→ **Data extracts**
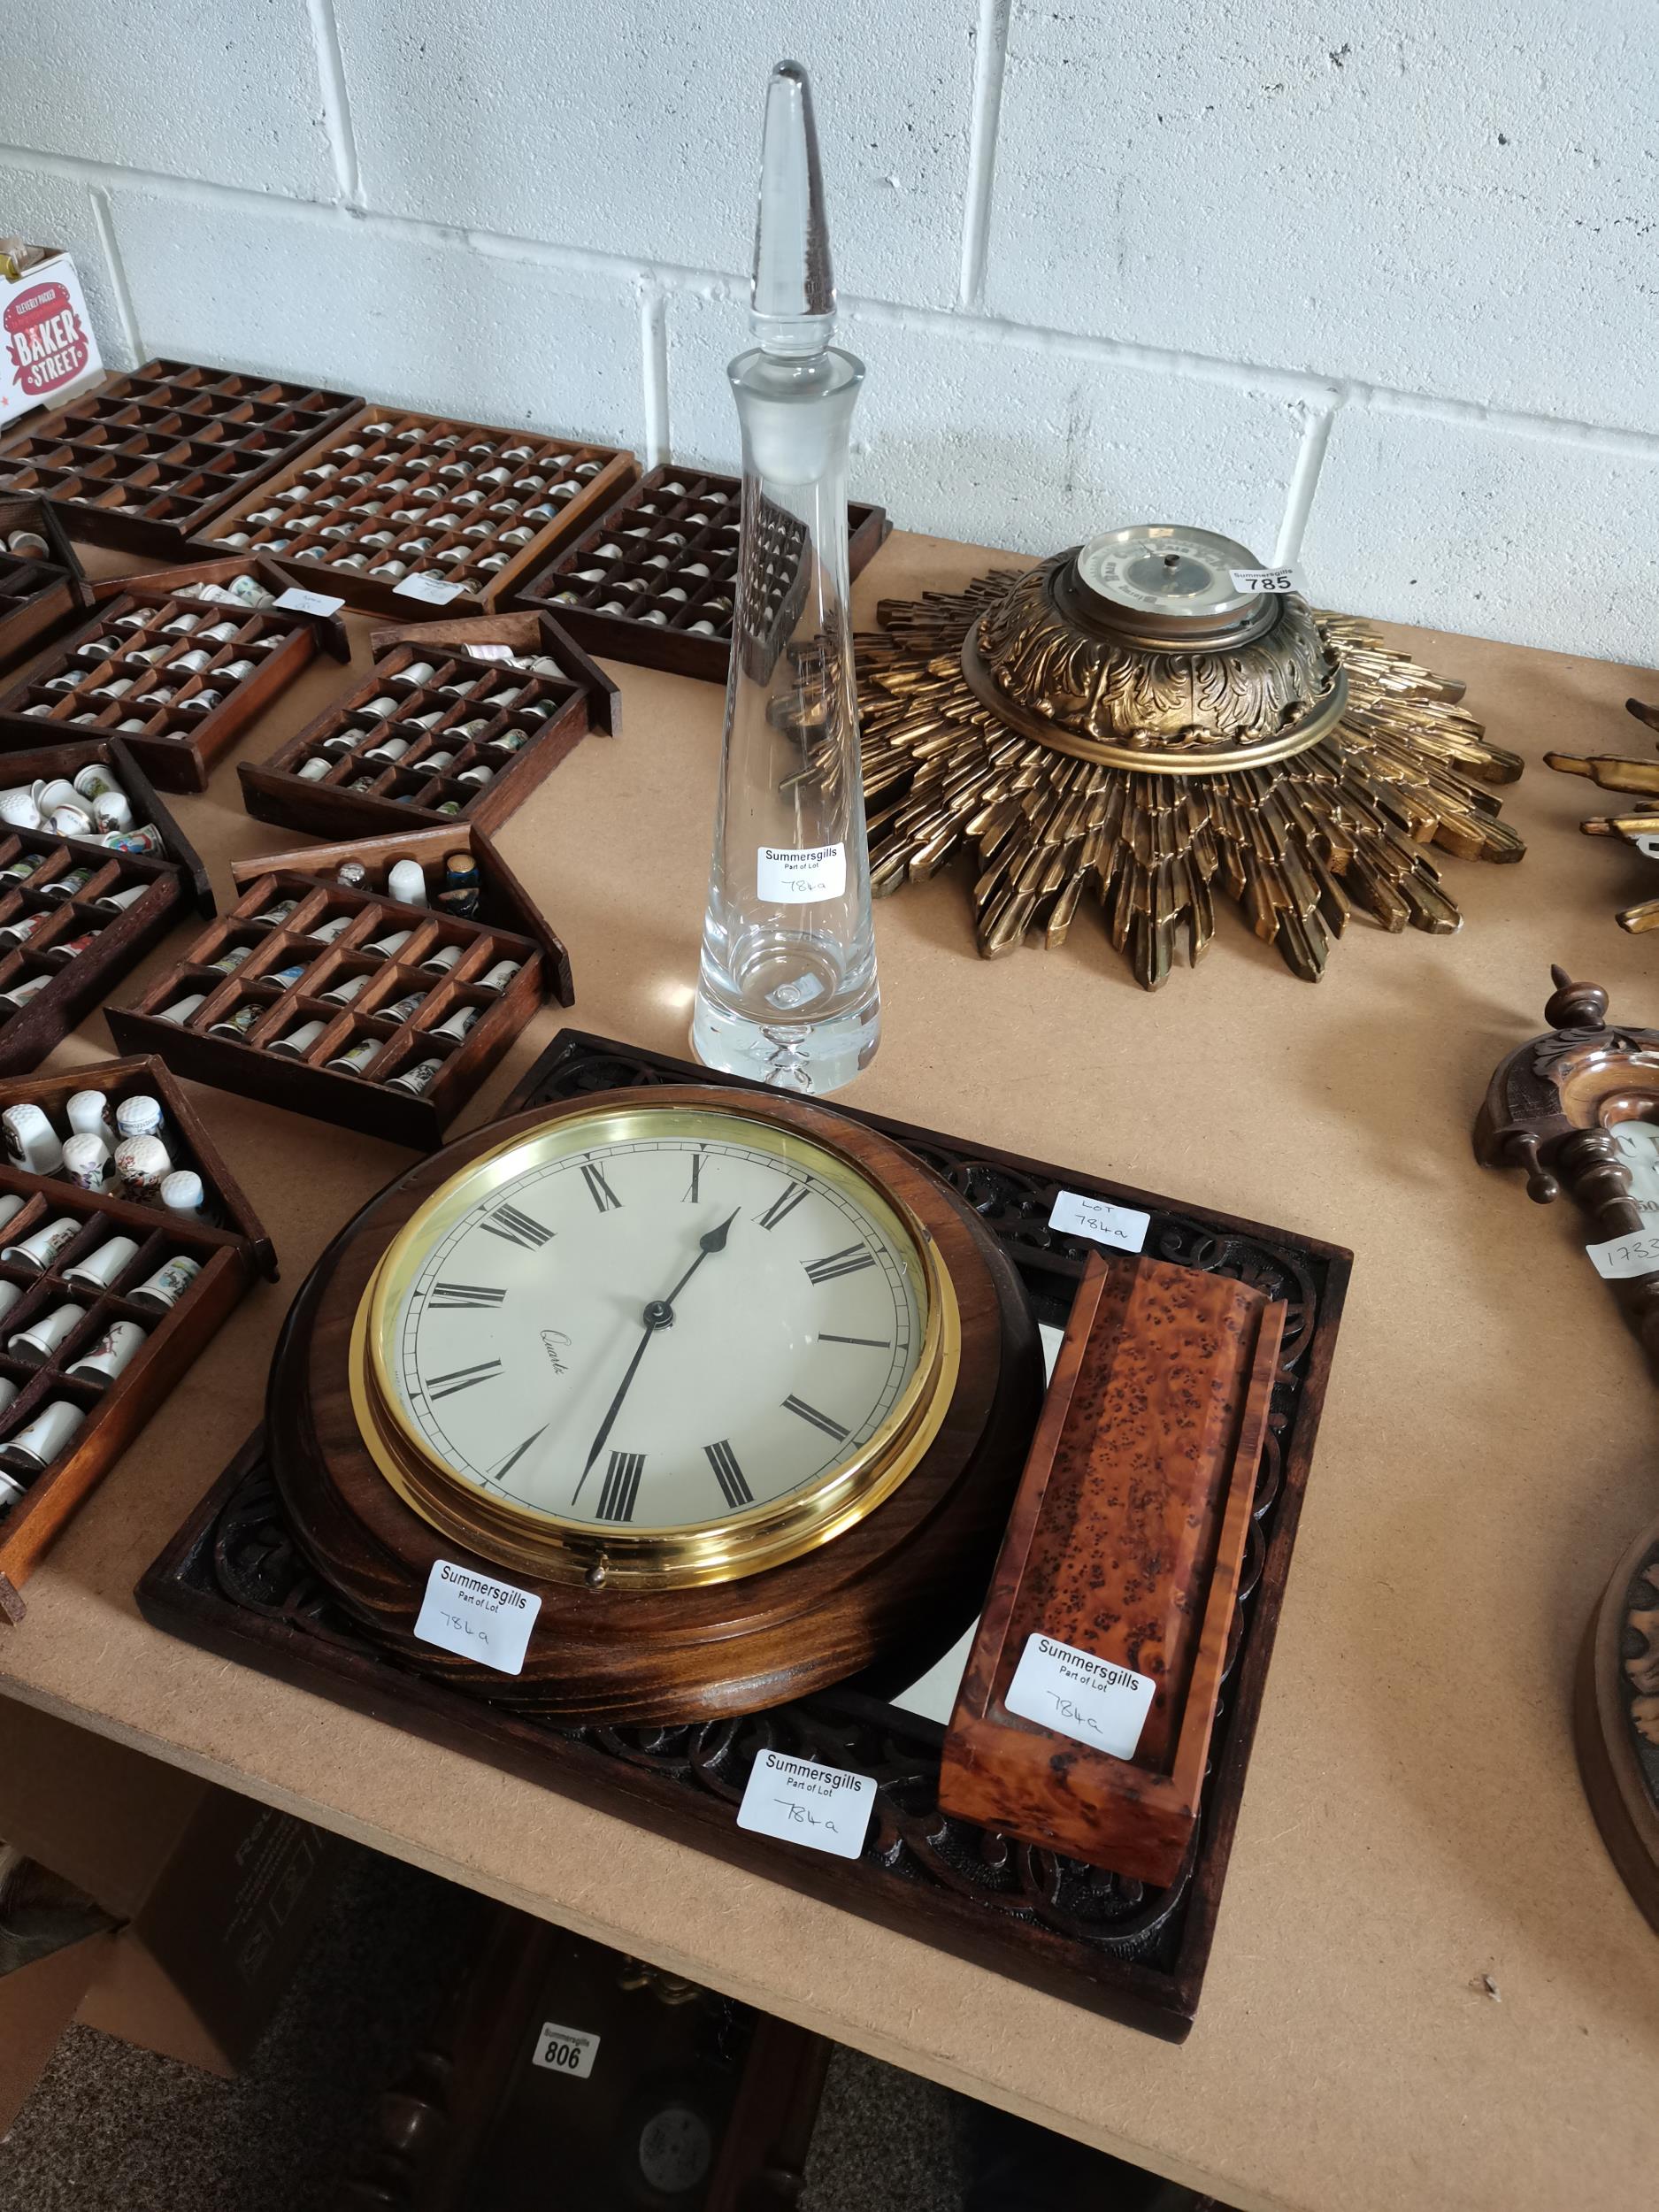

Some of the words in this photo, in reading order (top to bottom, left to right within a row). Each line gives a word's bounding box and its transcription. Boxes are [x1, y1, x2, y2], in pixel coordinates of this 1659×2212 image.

[14, 310, 80, 367] BAKER
[32, 346, 79, 387] STREET
[1245, 576, 1292, 590] 785
[765, 848, 837, 862] Summersgills
[540, 1329, 572, 1375] Quartz
[441, 1565, 527, 1609] Summersgills
[457, 1590, 474, 1604] Part
[475, 1598, 485, 1607] of
[485, 1602, 499, 1614] Lot
[1038, 1639, 1140, 1692] Summersgills
[1059, 1665, 1079, 1680] Part
[1079, 1674, 1091, 1685] of
[1091, 1678, 1108, 1693] Lot
[765, 1754, 863, 1792] Summersgills
[786, 1777, 805, 1790] Part
[806, 1784, 817, 1793] of
[818, 1786, 833, 1797] Lot
[544, 2040, 581, 2070] 806

→ **What the task asks**
The answer should hold every entry exactly as given and no pictures at all.

→ **Response box**
Some of the words in this photo, in reading order (top to bottom, left to right within a row). Each line gives a word's bounding box and its transcription. Boxes are [x1, y1, x2, y2], in pixel coordinates of this 1659×2212 image.

[14, 310, 80, 367] BAKER
[32, 346, 79, 387] STREET
[1245, 576, 1292, 590] 785
[765, 848, 837, 862] Summersgills
[540, 1329, 572, 1375] Quartz
[441, 1565, 527, 1609] Summersgills
[457, 1590, 474, 1604] Part
[475, 1598, 485, 1607] of
[485, 1602, 499, 1614] Lot
[1038, 1639, 1140, 1692] Summersgills
[1059, 1665, 1079, 1680] Part
[1079, 1674, 1091, 1685] of
[1091, 1678, 1108, 1693] Lot
[765, 1754, 863, 1792] Summersgills
[786, 1777, 805, 1790] Part
[806, 1784, 817, 1793] of
[818, 1786, 833, 1797] Lot
[544, 2040, 581, 2070] 806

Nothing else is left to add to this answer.